En el caudal de la vida, en el torrente existencial, es inevitable la vinculación hombre-naturaleza y, de manera intrínseca, hombre-cultura, comprendida desde el acumulado histórico, reivindicación social, manifestaciones tradicionales y costumbristas, hábitos, estilos y percepciones espirituales y materiales, utopías y realidades. Bien asevera Raúl Pérez Torres que “la cultura es la vida, y la vida es la diaria interrelación entre las diferentes manifestaciones del pueblo, en contradicción con las manifestaciones ajenas a él”.
En tal contexto, hay que subrayar que, por un lado, la cultura es entendida desde la creación y la estética extraída del talento individual como efecto de la expresión emancipadora (poesía, música, teatro, danza, pintura, escultura) y, por otro, es concebida desde aquella dimensión cultural provista de hálito colectivo y de imaginario popular. Esto es, cobijado en las creencias, saberes, ritos, mitos, paradigmas, valores y solidaridades conjuntas.
La cultura, como fenómeno social, incita al orgullo de sus sujetos integrantes respecto del sentido de pertenencia -con referentes y representaciones propias- y vierte como elemento conducente a la identidad, repensada como matriz
de los orígenes del hombre en el ámbito de una comunidad estructurada por normas de convivencia e interdependencia humana.

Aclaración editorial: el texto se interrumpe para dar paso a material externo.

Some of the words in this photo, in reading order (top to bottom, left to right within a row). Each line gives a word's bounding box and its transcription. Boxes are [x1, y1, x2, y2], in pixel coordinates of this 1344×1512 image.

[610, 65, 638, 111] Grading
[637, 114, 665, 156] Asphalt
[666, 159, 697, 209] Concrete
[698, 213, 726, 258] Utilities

La cultura, a partir de la superestructura económica, abarca los aspectos: social, ambiental, político. Entonces la idiosincrasia del ser se revela en cada acción plasmada de lo particular a lo público. Más aún cuando se proyectan intereses comunes, intrincados en la exploración e identificación de los actores sociales. Su fuerza expansiva es palpable, ya que es la esencia que mueve y conmueve a los pueblos, específicamente, en la vorágine cotidiana.

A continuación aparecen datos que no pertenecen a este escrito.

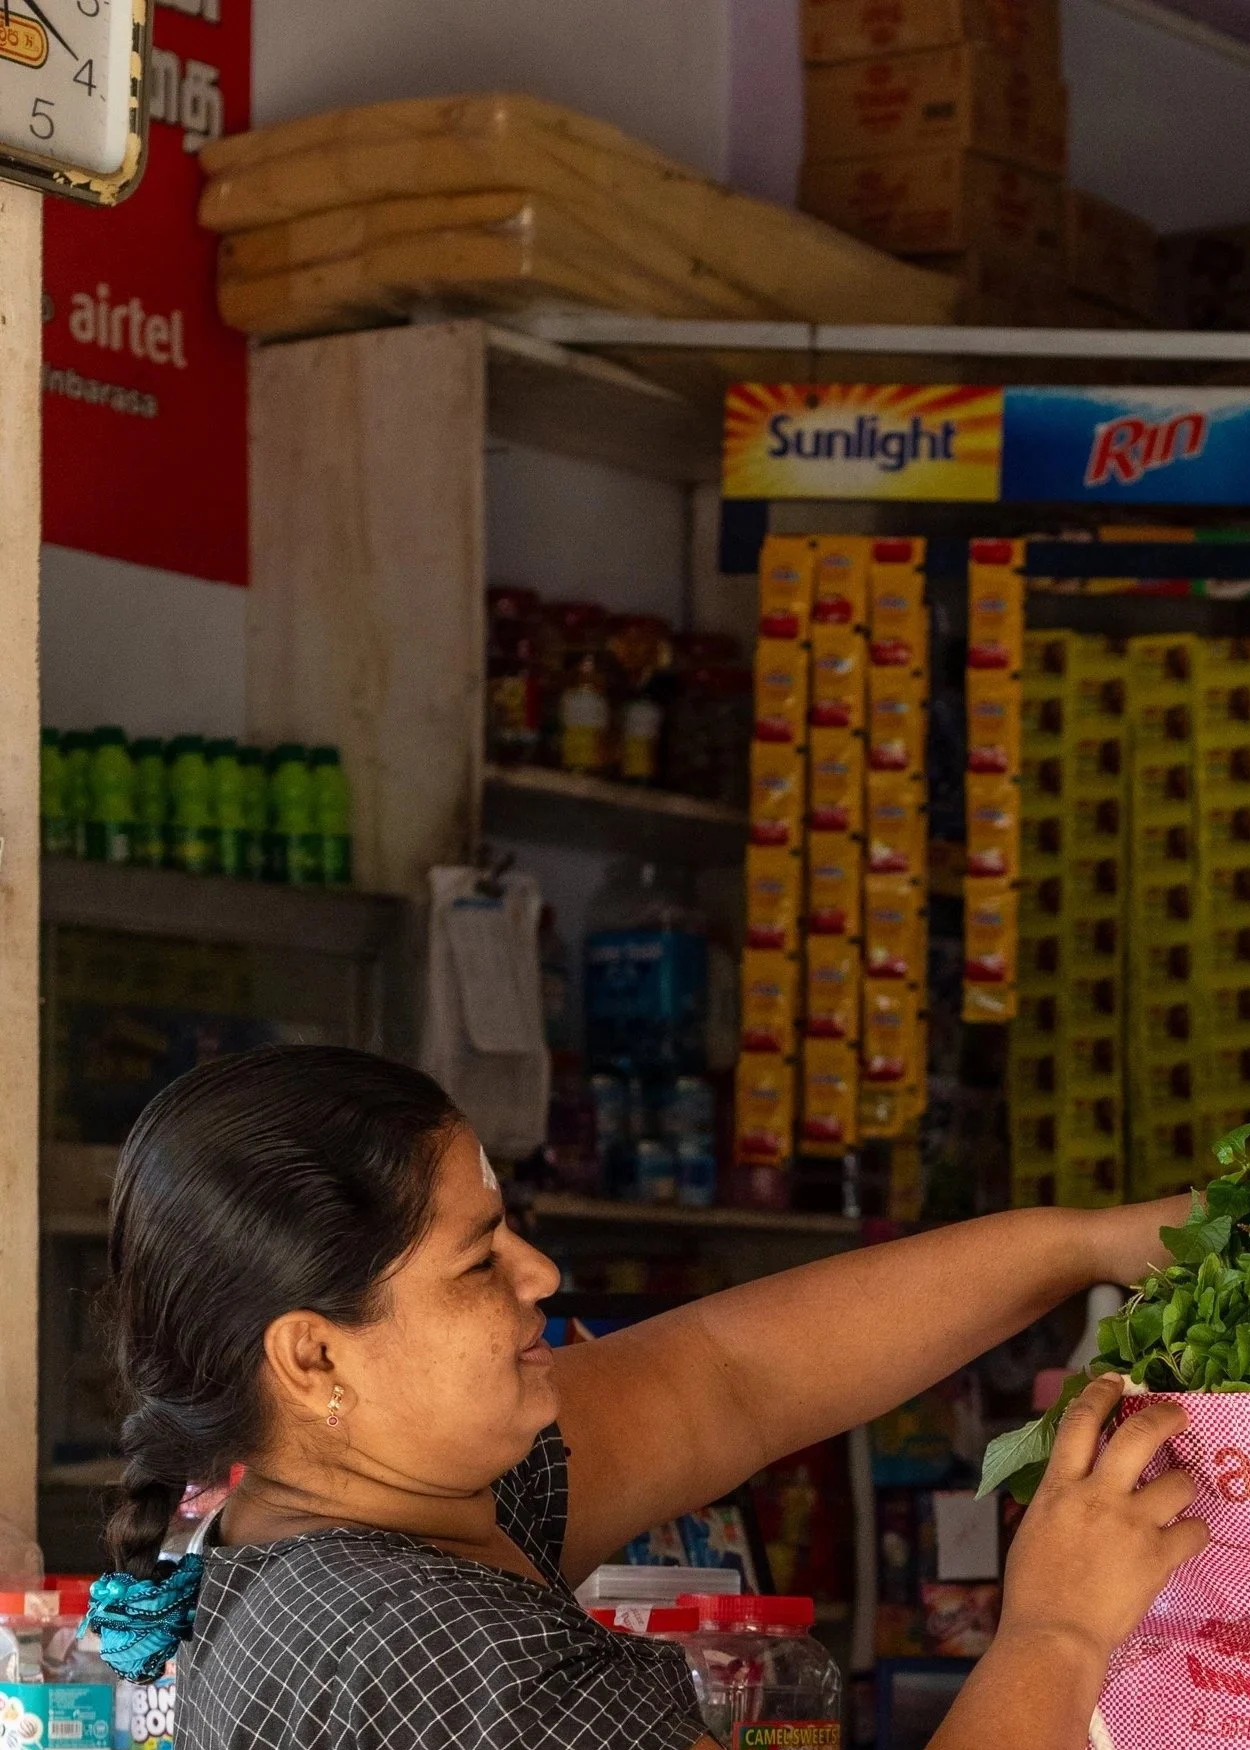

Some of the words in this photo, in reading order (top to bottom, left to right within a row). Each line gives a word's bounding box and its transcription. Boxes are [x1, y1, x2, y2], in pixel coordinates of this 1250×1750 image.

[73, 58, 96, 97] 4
[29, 97, 55, 141] 5
[68, 281, 189, 371] airtel
[767, 413, 956, 472] Sunlight
[745, 1728, 790, 1746] CAMEL
[792, 1727, 838, 1745] SWEETS

Según Néstor García Canclini: “En las sociedades contemporáneas la cultura se forma interdiscursivamente a partir de textos o sistemas de imágenes tradicionales y modernos. La heterogeneidad es una necesidad constitutiva de la cultura actual que aspira a poseer una hegemonía extensa”. Dicho así, es imperioso el pleno reconocimiento de una sociedad policultural. Aquella mirada tolerante amplía el sendero democrático y permite robustecer las multiplicidades étnicas.
Al final, cabe acotar que es necesario rescatar los designios de la cultura como lo sugiere el escritor Ernesto Sábato: “no como una abstracta identidad de pueblos, sino como una concreta y dialéctica unidad de diversidades, del mismo modo que una orquesta no se crea con idénticos instrumentos sino con instrumentos de timbre diferente, para tocar así una hermosa partitura”.